1 мая Ван Гог впервые сообщил о «желтом доме», который он снял. У него появилась постоянная квартира. Он собирался меблировать ее и устроить в ней мастерскую. Испытывая счастье от приобретения собственного жилья и оттого, что покинул гостиницу и людей, с которыми там жил, он буквально через две недели почувствовал явное улучшение здоровья, о чем написал брату: «Я очень рад, что покинул этих людей, и с тех самых пор мне стало лучше… Я вновь чувствую, как ко мне возвращаются силы, и мой желудок почти не беспокоит меня. Иногда я испытываю беспричинное волнение или чувствую себя хорошо, но безразличен ко всему, но сейчас все прошло и я постараюсь успокоиться». Последнее замечание указывает на периодические колебания психического состояния, то есть аффективные колебания, о которых мы уже вели речь как о психозе «счастья и страха».
С того самого момента, как он уехал из Парижа, он серьезно беспокоился о состоянии здоровья брата и перед отъездом обещал высылать ему ежемесячно 200 франков. Очевидно, он считал такое состояние брата невротически обусловленным и поэтому в своих письмах ссылался на роковую наследственность, полученную им, братом Тео и сестрой Виль. Он писал брату: «Возьми, к примеру, нашу сестру Виль; она не пила и не вела легкомысленную жизнь, существует, однако фотография, где она запечатлена со взглядом душевнобольного человека, — это доказательство того, что мы ничего не сможем сделать с истинным состоянием нашего здоровья и вынуждены страдать неврозом, уготованным нам надолго» (действительно, позже Виль была направлена в дом сумасшедших).

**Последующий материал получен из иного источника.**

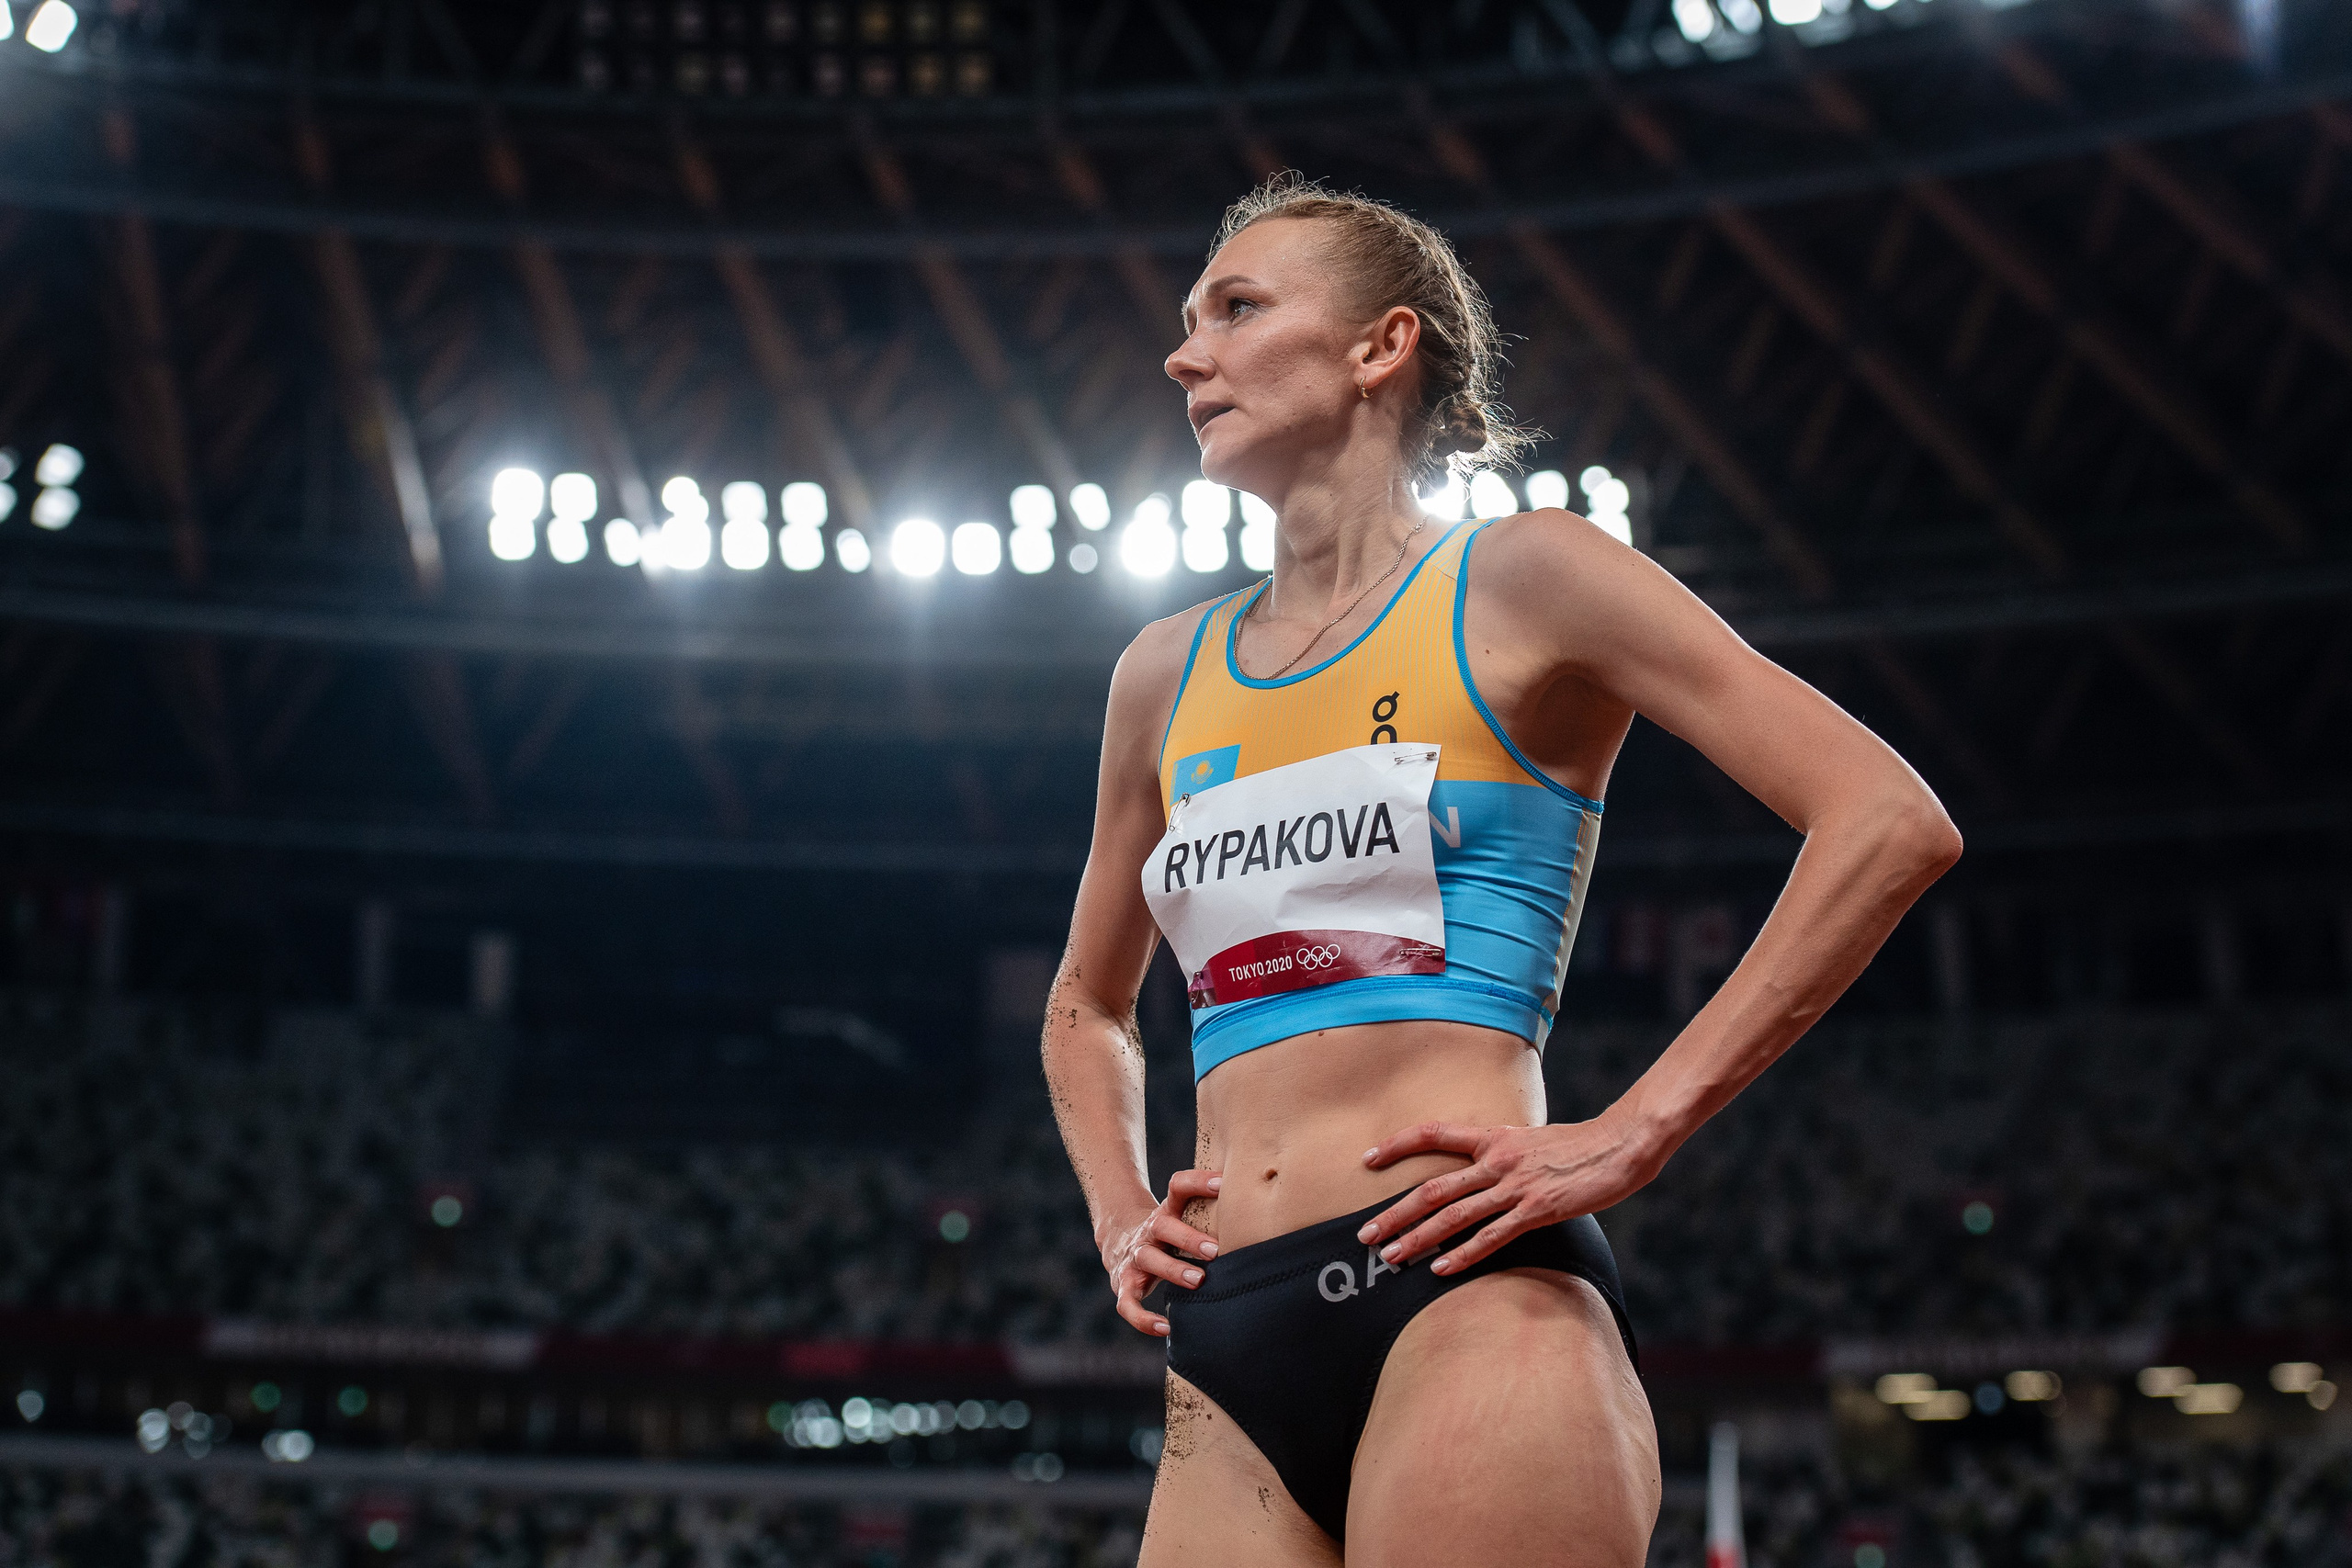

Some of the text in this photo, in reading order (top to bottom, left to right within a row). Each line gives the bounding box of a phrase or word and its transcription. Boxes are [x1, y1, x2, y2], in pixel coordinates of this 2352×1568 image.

[1164, 802, 1400, 894] RYPAKOVA
[1228, 955, 1293, 982] TOKYO 2020

В первые месяцы пребывания в Арле Ван Гог рисовал ландшафты, хлебные поля и людей, убирающих урожай, но в конце июля он вновь принялся за изучение портретной техники. «У меня, наконец, появилась модель — зуав», — сообщал он Тео. Тогда зуавы входили во французские колониальные войска. В данном случае речь идет о младшем лейтенанте Милье, который брал у Ван Гога уроки и был связан с ним дружбой, пока его часть не отправили в Африку. Второй моделью был Эужен Бош из состоятельной семьи промышленников Villeroy & Boch. Третьей моделью был почтмейстер Рулен, работавший на вокзале в Арле. Он был лучшим и вернейшим другом Ван Гога. Таким образом, Винсент отнюдь не был изолирован от общества своих коллег-художников и друзей, но все-таки постоянно их критиковал. Если он и уединялся, то только для того, чтобы спокойно, без помех поработать. И это подтверждается его словами из письма: «Когда я один, мною время от времени овладевает чувство опьянения работой, и тогда я уношусь в безграничность».
Итак, вновь воодушевление и чувство высшего наслаждения, доведенного до экстаза. С другой стороны, при всей его концентрации на работе усиливалась тоска по человеческой близости. Несмотря на то, что он уже долгое время занимался живописью, его постоянно беспокоила грустная мысль, что его лишили семейной жизни с женщиной и ребенком. Эти мрачные настроения дали о себе знать осенью-зимой 1888–89 годов: «Я немного опасаюсь, что плохое время года вызовет реакцию и меланхолию, да, уж это я себе схлопочу».
Примечателен разговор Ван Гога с его другом художником Бернаром, с которым он познакомился в парижской мастерской Кормона. Этот разговор достоин упоминания, так как проливает свет на сексуальные потребности обоих. Сексуальный опыт Ван Гога ограничивался лишь общением с проститутками, и рассуждения по этому поводу касалась преимущественно проституции и домов терпимости. С большой открытостью он вспоминал в письмах о своем юном друге, который «не мог сочетать рисование и спаривание, потому что второе ослабляло мозг». По-видимому, Ван Гог был убежден, что активная сексуальная жизнь подрывает творческие силы художника. Каждый раз он настоятельно советовал Бернару: «Ты должен жить почти как монах, который только раз в две недели ходит в бордель. Так поступаю и я, хоть это не очень поэтично, но я знаю, что мой долг подчинить свою жизнь рисованию… Я сам воздерживаюсь. Почему мы должны напрягаться и выжимать из себя все соки, которые необходимы в творчестве, когда профессиональный сутенер или объевшийся любовник лучше всего удовлетворяет сексуальные запросы проститутки». Он повторял это Бернару и говорил о том, что многие художники стали жертвами необузданных сексуальных потребностей, подорвав тем самым свое физическое и психическое здоровье. Он считал: чтобы хорошо работать, «необходимо хорошо питаться и жить, время от времени бывать в номерах, курить трубку и пить кофе».